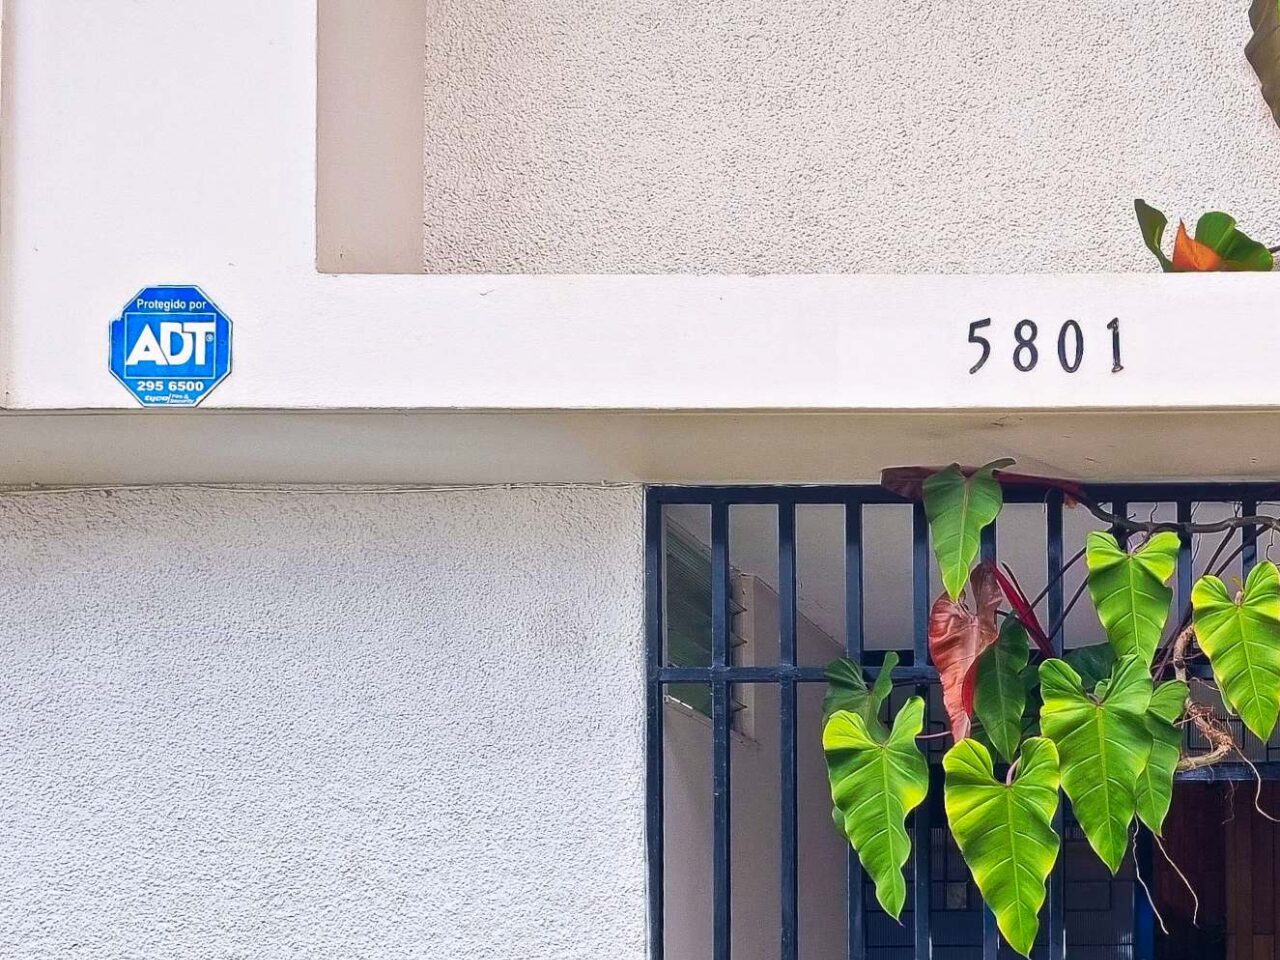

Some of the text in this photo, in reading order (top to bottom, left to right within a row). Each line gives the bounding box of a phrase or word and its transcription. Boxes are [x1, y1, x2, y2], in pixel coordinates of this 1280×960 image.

[136, 298, 207, 312] Protegido por
[126, 322, 215, 366] ADT
[968, 317, 1124, 374] 5801
[137, 381, 204, 391] 295 6500
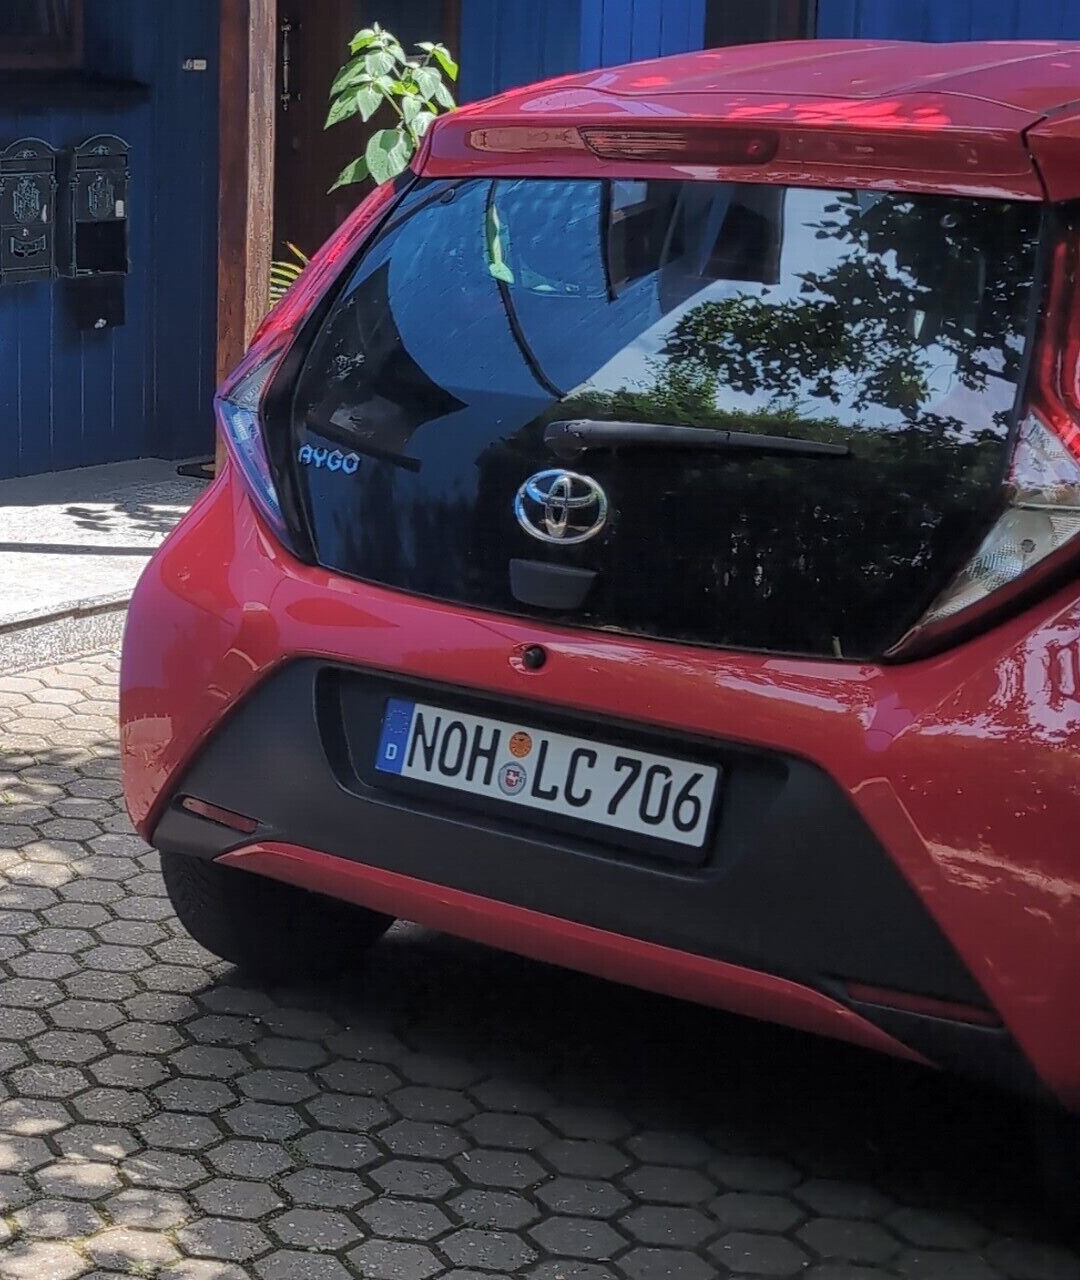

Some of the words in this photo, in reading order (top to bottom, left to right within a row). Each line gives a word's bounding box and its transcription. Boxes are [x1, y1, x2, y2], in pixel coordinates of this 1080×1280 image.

[298, 443, 361, 474] AYGO
[385, 744, 398, 760] D
[407, 712, 501, 786] NOH
[531, 739, 598, 807] LC
[607, 755, 705, 832] 706
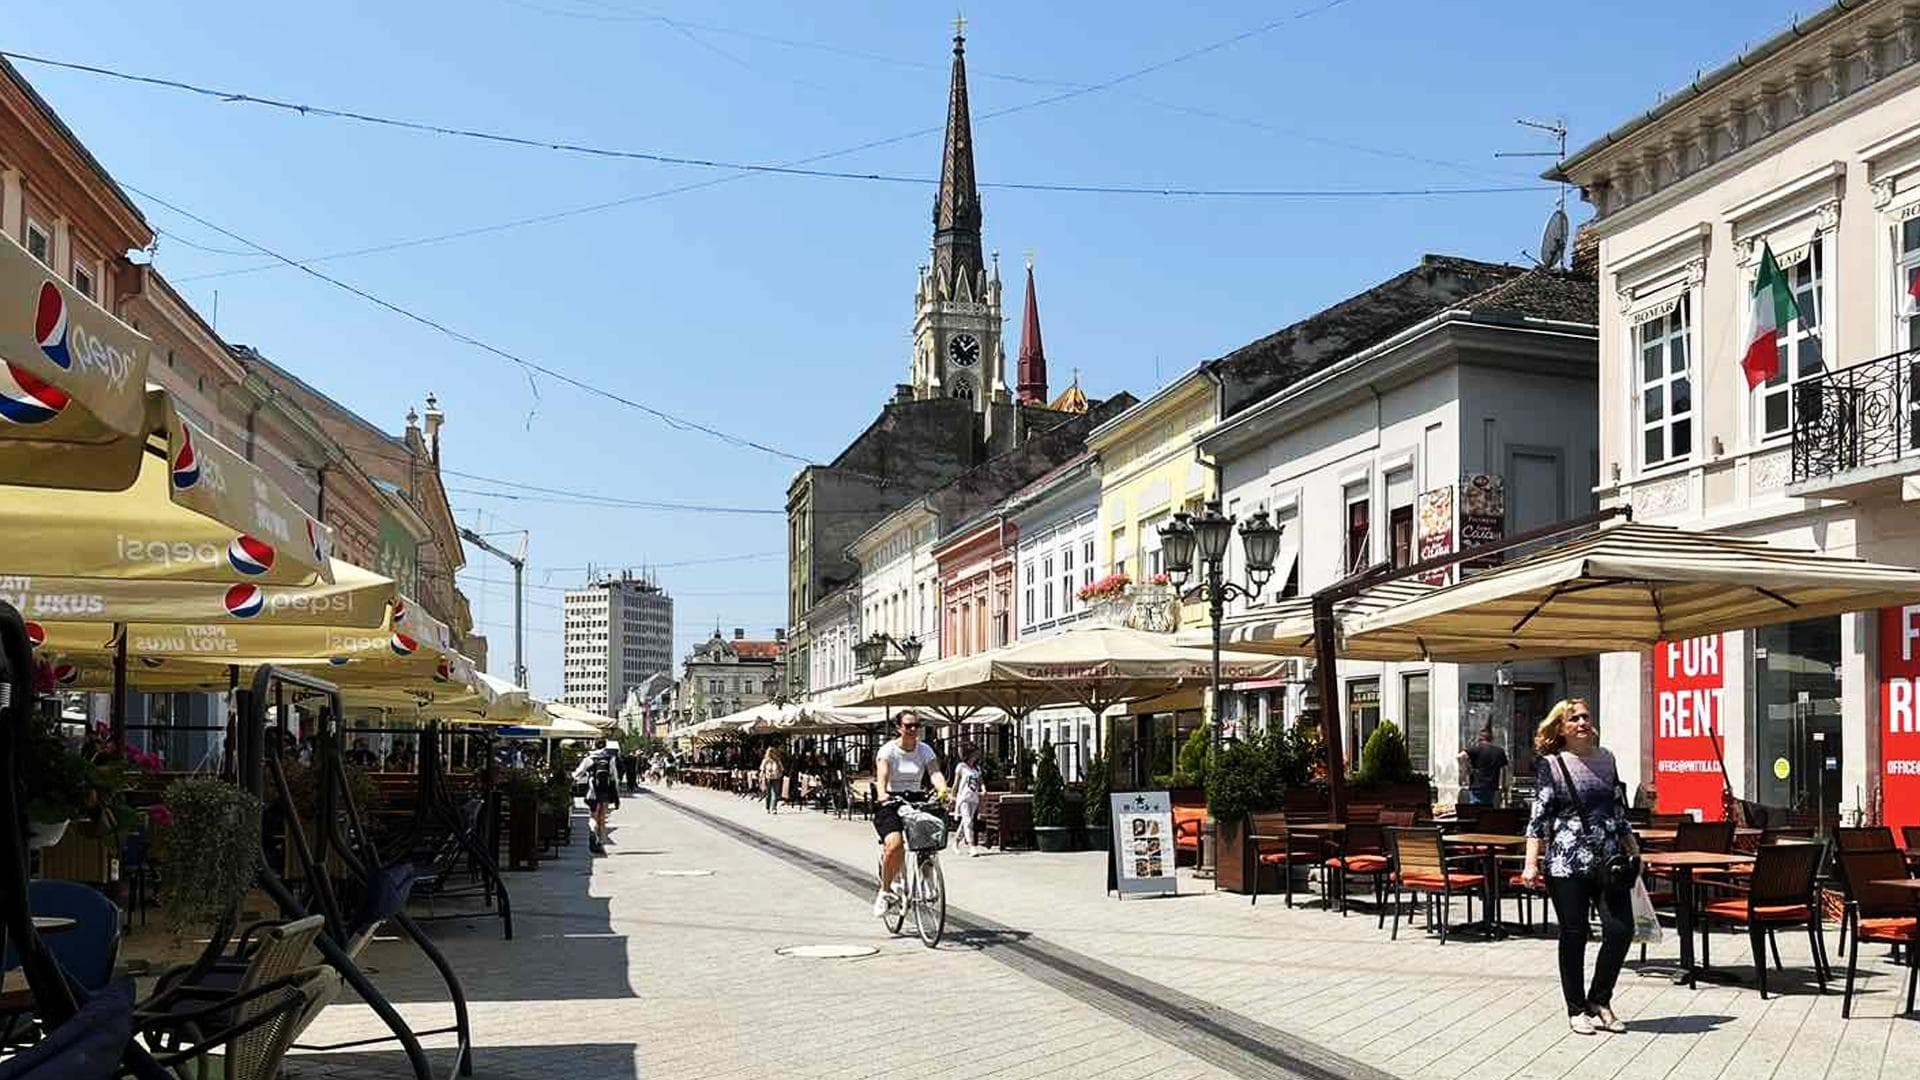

....

Images are to be left out; everything else in the material must be written out exactly.

Solution for this task »
Some of the text in this photo, in reading order (top to bottom, left to right within a row). Each line gives the bounding box of a phrase or word and its transcription. Boxes are [x1, y1, x2, y2], in pixel coordinates of this 1280×960 image.

[136, 298, 207, 312] Protegido por
[126, 322, 215, 366] ADT
[968, 317, 1124, 374] 5801
[137, 381, 204, 391] 295 6500

Some of the words in this photo, in reading order (top to bottom, left to right within a row). Each line gives a word's bounding box and its transcription. Boxes are [x1, y1, x2, y2], in pixel coordinates of this 1080×1280 image.

[298, 443, 361, 474] AYGO
[385, 744, 398, 760] D
[407, 712, 501, 786] NOH
[531, 739, 598, 807] LC
[607, 755, 705, 832] 706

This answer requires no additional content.